Tonks could only stare, helpless, as the sorely missed light in Remus’s eyes went out like a candle hit with a Nox.

“And what if he is?” Rosmerta’s voice rang out in challenge. “He’s a paying customer, same as you!”

But Remus flushed, pushing away the dregs of his firewhisky-which had, after all, been Rosmerta’s treat. He stood, very deliberately, and walked across the pub, keeping his eyes trained on the floor.

Tonks shook herself out of her gobsmacked stupor and followed.

“Good night, Rosmerta,” said Remus, very quietly. “And thank you.” He pulled the door open and slipped out into the damp, chilly darkness.

Tonks let the door slam shut behind her.“What a-a-dunderhead!”

Remus was walking fast, with his head down and his hands deep in his pockets.

She scrambled to catch up.

But he wouldn’t look at her, not even when she was walking right beside him, matching his long strides.

“Oi,” she said. “Don’t let one drunken arse ruin the evening.” She slipped her hand through the crook of his elbow and bumped her shoulder against his.

And Remus stopped walking so abruptly she stumbled.

“Sorry.” He caught her other arm, his hand warm and strong under her elbow, and held on until her feet were sorted. But then he let go at once and stepped away, shoving his hands in his pockets again, looking past her. “You do realise that man was only speaking the truth.”

The bitter twist of his smile hurt to see. She wanted to watch that mischievous gleam light up his eyes again.

To bloody well touch his hand without sending him running away.

Tonks took a very deep breath.

“That man was an arse, for making a fuss over nothing.” She scowled, scanning the dark, empty street. No dementors were visible, but their sodden mist hung thick and low about the village, blotting out what should have been soft summer twilight. “Come on,” she said. “It’s not safe to be standing around out of doors at night like this. Let’s go have a drink at the Hog’s Head.”

“It’s really rather late,” said Remus, steadily. “I’d best be getting home.”

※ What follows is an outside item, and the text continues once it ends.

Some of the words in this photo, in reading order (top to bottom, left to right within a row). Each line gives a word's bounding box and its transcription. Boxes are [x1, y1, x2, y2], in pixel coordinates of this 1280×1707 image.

“It’s not even ten o’clock,” Tonks countered. “And I want to hear the rest of your story about sneaking out of school.” She saw him start to shake his head, and hurried to cut him off. “Look, I don’t think either one of us should be spending this evening alone. Wouldn’t Sirius be glad to know we were keeping each other company?”

“I-can't.” Remus met her gaze, at last, but his jaw was clenched tight. “I simply can’t afford to go out for a drink. You know I have no idea when I’ll find paid work again.” He swallowed. “I should never have agreed to meet you at the Three Broomsticks in the first place. But I wanted-”

Her breath caught.

He pressed his lips together and looked away. “You need to understand that I’m too poor. We’ve been through this before.”

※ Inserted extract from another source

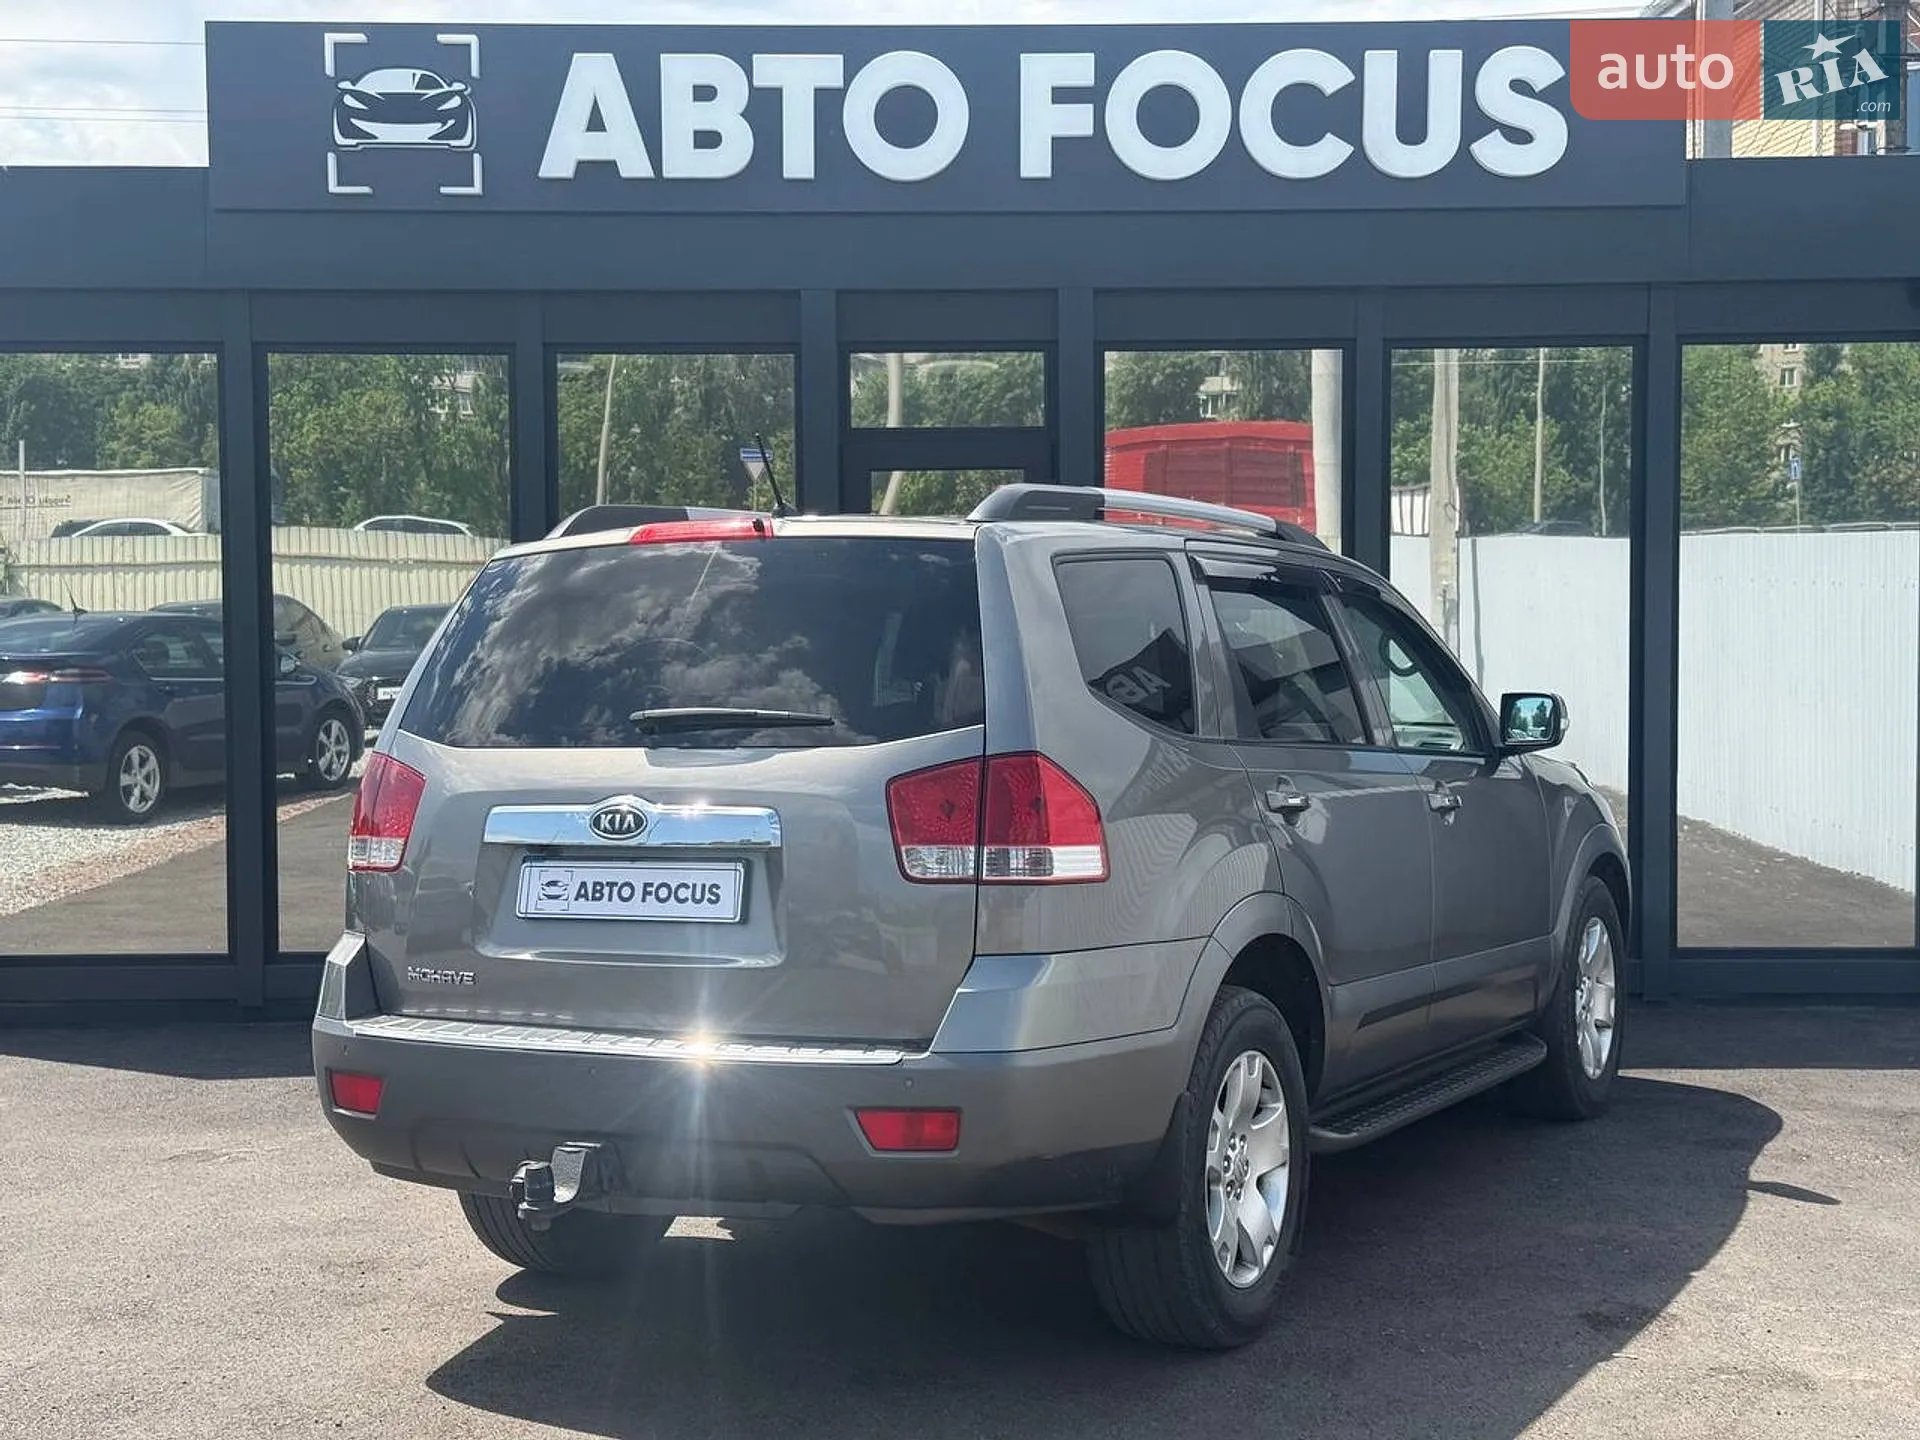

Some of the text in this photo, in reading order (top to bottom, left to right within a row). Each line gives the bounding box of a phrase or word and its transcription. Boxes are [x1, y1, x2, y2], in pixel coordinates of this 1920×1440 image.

[537, 45, 1569, 182] АВТО FOCUS
[599, 812, 636, 831] KIA
[574, 880, 722, 906] АВТО FOCUS
[407, 966, 475, 985] MOHAVE

“No, you need to understand that I don’t care!” Tonks ground her teeth. Tonight had been going so well. “Look, I can buy us a round of drinks, and you can tell me more about the pranks you lot used to pull-”

He merely looked back at her, haggard and drawn, and then he closed his eyes and dropped his head. Giving up.

Tonks felt sick to her stomach. It was all too much. She had no energy left to keep fighting, not any more. She felt heavy, and sluggish, and bitterly cold, and-

Dark?

The nearest streetlight had just blinked out-

“Dementors,” she choked out, fumbling for her wand, just as Remus snapped his head up and barked, “Nymphadora!”

And then they were standing back to back, wands drawn. Tonks didn’t know whether it was her dogged determination not to let the evil things win, or whether it was the warmth of Remus’s back pressed solid against her shoulders, but she managed to conjure the brightest, strongest Patronus she’d produced since Sirius had died. Her silver hare took on three dementors at one go, driving them away until they melted into the shadows and vanished from sight.

Remus’s Patronus lit up the street behind her. She was too busy fending off a second wave of dementors with her own Patronus to give it a good look.

But it very clearly had four legs.

And then all the dementors were gone, just as quickly as they had appeared. The streetlight spluttered back to life.

“You all right?” Tonks, rather shaky and decidedly queasy from the close encounter, leaned back against Remus again as she inspected the narrow street they stood on, with its winding alleys branching off to the sides. “Looks like that was the lot.”

He leaned against her for a moment, too, drawing a long raspy breath, before straightening up and stepping away, rummaging clumsily in his pockets. “I have some chocolate-just let me find it-”

“Here-I’ve got some of the Auror-issue stuff.” She extracted a thick bar wrapped in plain brown paper from her own pocket and broke it in half. “It’s pretty strong.”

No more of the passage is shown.